Volumes rose 2.1% but only partially recovered on the 8.2% fall in January, with sales still down 3.7% on a year earlier and before the Covid-19 pandemic impact.
Clothing retailers reported the largest fall – down 50.4% – in sales volumes when compared with February 2020 and petrol stations (or “automotive fuel stores”, according to the ONS) fell 26.5% as the travel sector took a bad hit.
By comparison, online retailers continued to enjoy huge gains in customer spend, with 36.1% of all cash spent at retailers going to online operations in February. A year ago the proportion was just 20%. It set a new record, beating the previous record set in January.
The amount of money spent in retail was also up in February by 2.2% compared with a month earlier, but down 4.4% on the same month a year ago.
February saw some positives in the non-food sector, with the ONS highlighting strong sales volumes in department stores and household goods stores – up 16.2% and 16.1% respectively.

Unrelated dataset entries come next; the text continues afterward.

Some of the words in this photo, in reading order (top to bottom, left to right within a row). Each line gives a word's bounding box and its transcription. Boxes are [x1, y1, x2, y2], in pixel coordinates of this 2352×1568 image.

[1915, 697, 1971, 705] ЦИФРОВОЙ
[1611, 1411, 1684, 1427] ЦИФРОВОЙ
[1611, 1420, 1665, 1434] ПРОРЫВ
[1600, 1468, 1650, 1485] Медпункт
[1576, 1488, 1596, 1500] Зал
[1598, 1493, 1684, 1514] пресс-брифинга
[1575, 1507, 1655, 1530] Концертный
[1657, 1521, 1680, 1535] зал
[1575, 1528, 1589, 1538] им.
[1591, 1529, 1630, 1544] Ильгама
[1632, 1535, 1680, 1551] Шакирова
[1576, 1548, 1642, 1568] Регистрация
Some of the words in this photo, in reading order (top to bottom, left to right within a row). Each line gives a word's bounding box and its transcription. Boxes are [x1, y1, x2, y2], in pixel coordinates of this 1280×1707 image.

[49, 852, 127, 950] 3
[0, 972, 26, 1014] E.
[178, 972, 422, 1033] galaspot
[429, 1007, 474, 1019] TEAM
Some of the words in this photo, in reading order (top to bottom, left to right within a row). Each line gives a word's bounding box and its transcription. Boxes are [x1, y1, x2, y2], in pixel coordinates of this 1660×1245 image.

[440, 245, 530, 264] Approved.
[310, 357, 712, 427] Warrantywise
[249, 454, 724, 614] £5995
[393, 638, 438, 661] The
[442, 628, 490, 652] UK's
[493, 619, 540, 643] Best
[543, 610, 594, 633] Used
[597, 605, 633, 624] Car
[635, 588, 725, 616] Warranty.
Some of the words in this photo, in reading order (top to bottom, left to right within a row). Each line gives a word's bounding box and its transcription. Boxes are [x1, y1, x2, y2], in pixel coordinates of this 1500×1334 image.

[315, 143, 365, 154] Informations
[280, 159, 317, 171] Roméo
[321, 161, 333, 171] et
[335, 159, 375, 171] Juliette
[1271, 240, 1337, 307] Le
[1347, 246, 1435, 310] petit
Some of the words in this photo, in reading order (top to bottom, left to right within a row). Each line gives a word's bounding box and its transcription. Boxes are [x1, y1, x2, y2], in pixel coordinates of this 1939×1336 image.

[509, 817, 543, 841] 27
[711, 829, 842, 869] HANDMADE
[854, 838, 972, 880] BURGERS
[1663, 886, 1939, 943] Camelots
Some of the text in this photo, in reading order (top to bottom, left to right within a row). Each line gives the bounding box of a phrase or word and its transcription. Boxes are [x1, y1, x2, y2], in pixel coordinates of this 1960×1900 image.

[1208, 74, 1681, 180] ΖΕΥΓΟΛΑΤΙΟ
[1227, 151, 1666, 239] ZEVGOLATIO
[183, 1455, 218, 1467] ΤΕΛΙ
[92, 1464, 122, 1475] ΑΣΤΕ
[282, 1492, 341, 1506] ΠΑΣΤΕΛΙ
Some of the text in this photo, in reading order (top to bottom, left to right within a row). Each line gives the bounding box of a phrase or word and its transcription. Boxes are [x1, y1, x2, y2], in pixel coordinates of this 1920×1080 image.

The ONS said it sees budget stores, such as B&M Bargains and Wilko, as “department stores” which have remained open during the latest lockdown restrictions where bosses have claimed to be “essential” retailers.
A similar pattern emerged in the first national lockdown in 2020, the ONS said, with those stores seeing falls in sales in March only to recover strongly in April and May as customers took advantage of their continued store presence.
DIY stores also enjoyed continued growth, with some respondents to the ONS survey suggesting strong sales of outdoor furniture in preparation for lockdown restrictions easing as separate households can soon meet in private gardens.
Ian Geddes, Head of Retail, Deloitte
“Modest month-on-month growth across total retail sales (ex. fuel) points to growing optimism as consumers increased their spending despite the UK remaining under lockdown. However, with many still working from home and limited permitted opportunities to meet socially, clothing and footwear sales are below where they should be at the start of a new season.
“February’s announced roadmap out of lockdown will have boosted consumer confidence. At the same time, fewer spending opportunities over the last year has improved savings for some. Those with greater disposable income are poised to spend, with pent-up demand likely to see an enthusiastic return to high streets as restrictions ease.
"In the meantime, consumers continue to spend online, accounting for a record 36.1% of sales this month. Whilst second nature to many consumers, for others the pandemic necessitated a shift to online shopping – one which is now entrenched.
“As we edge towards the reopening of physical retail, one cautious tale remains. Those retailers honouring extended Christmas returns for in-store purchases will be opening stores for the first time since the festive period. This is likely to create a lag on the usual January refund period, with some consumers looking to belatedly return unwanted gifts.